Task to carry out =
From first line to last, give the records again word for word and omit the pictures.

Image-backed grounding data:
——
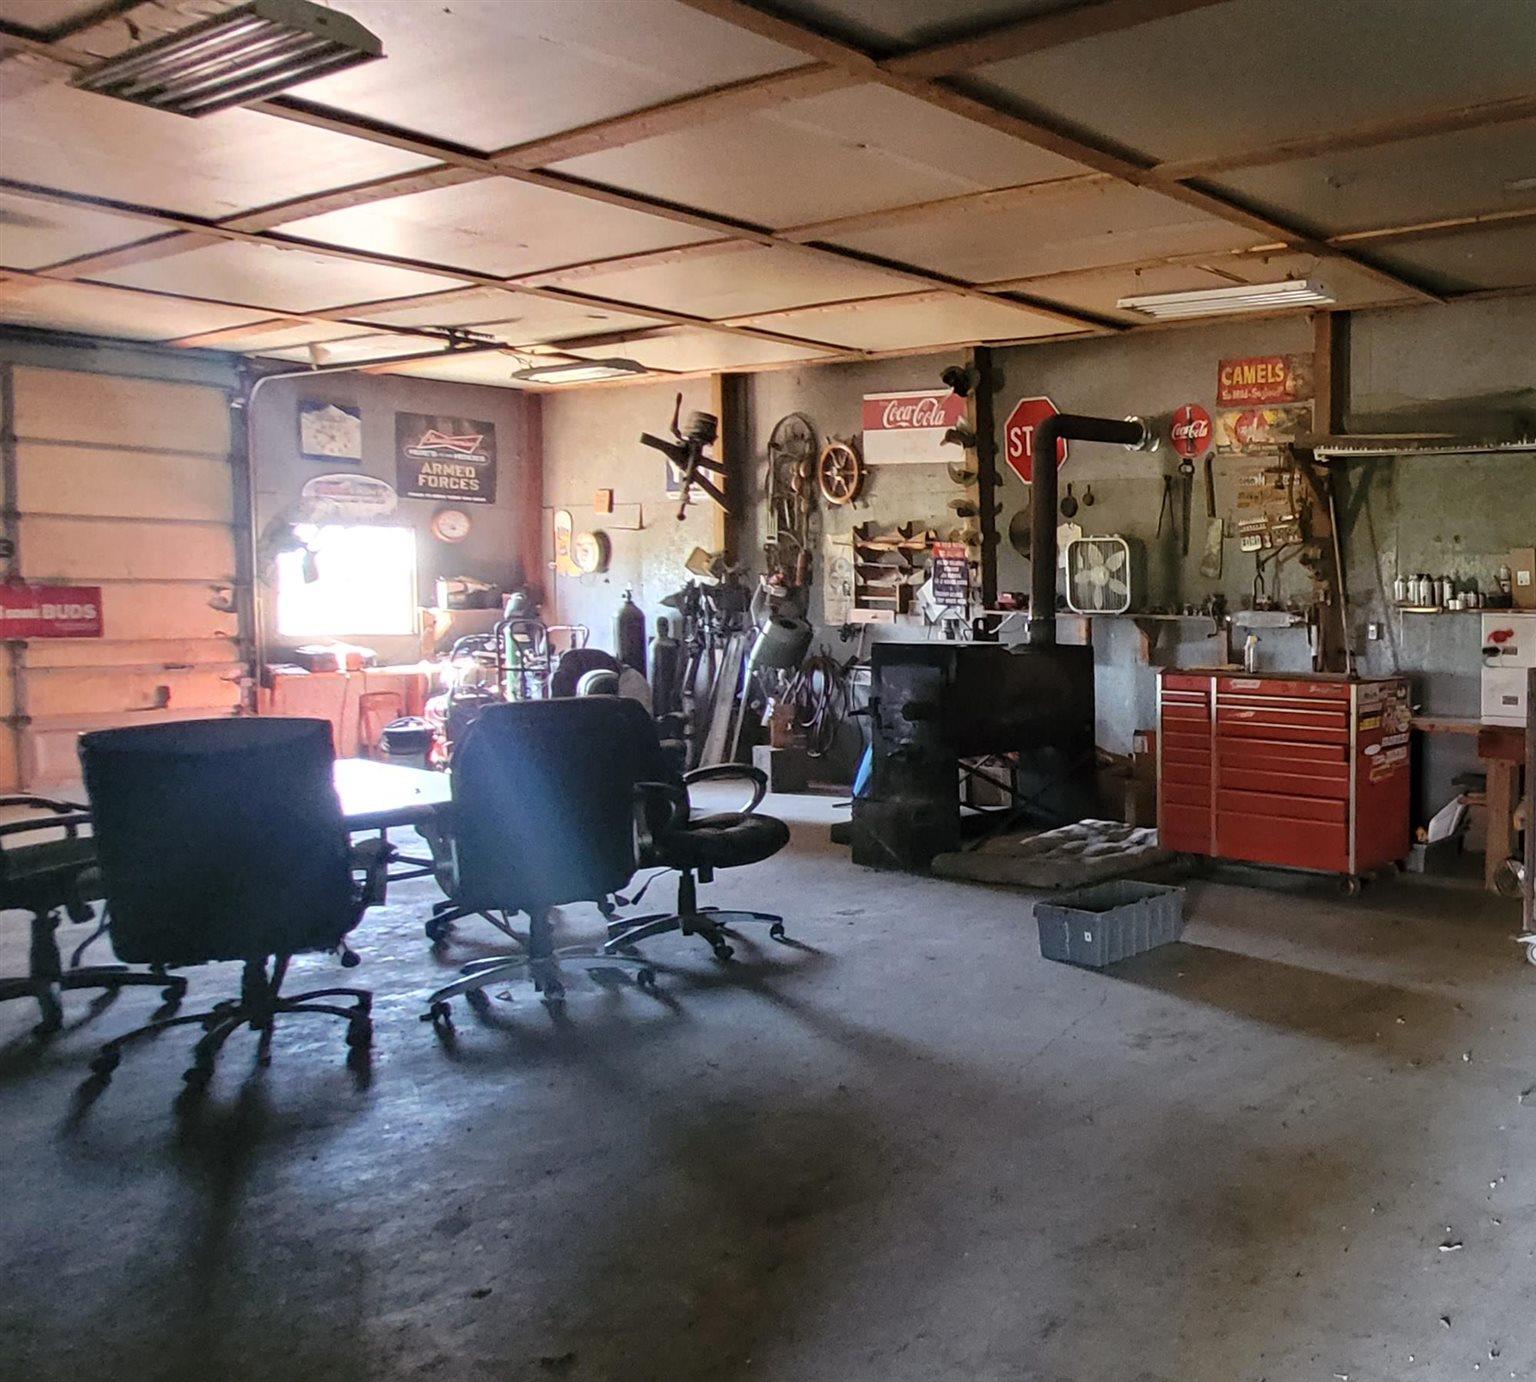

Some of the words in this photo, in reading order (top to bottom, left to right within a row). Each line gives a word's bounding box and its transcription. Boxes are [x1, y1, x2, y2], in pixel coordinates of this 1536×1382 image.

[1221, 363, 1285, 385] CAMELS
[1010, 425, 1034, 458] ST
[421, 462, 476, 478] ARMED
[418, 474, 480, 491] FORCES
[41, 603, 97, 619] BUDS
——
Solved problem =
Some of the words in this photo, in reading order (top to bottom, left to right within a row). Each line gives a word's bounding box and its transcription. Boxes are [x1, y1, x2, y2], in pixel coordinates of this 1536×1382 image.

[1221, 363, 1285, 385] CAMELS
[1010, 425, 1034, 458] ST
[421, 462, 476, 478] ARMED
[418, 474, 480, 491] FORCES
[41, 603, 97, 619] BUDS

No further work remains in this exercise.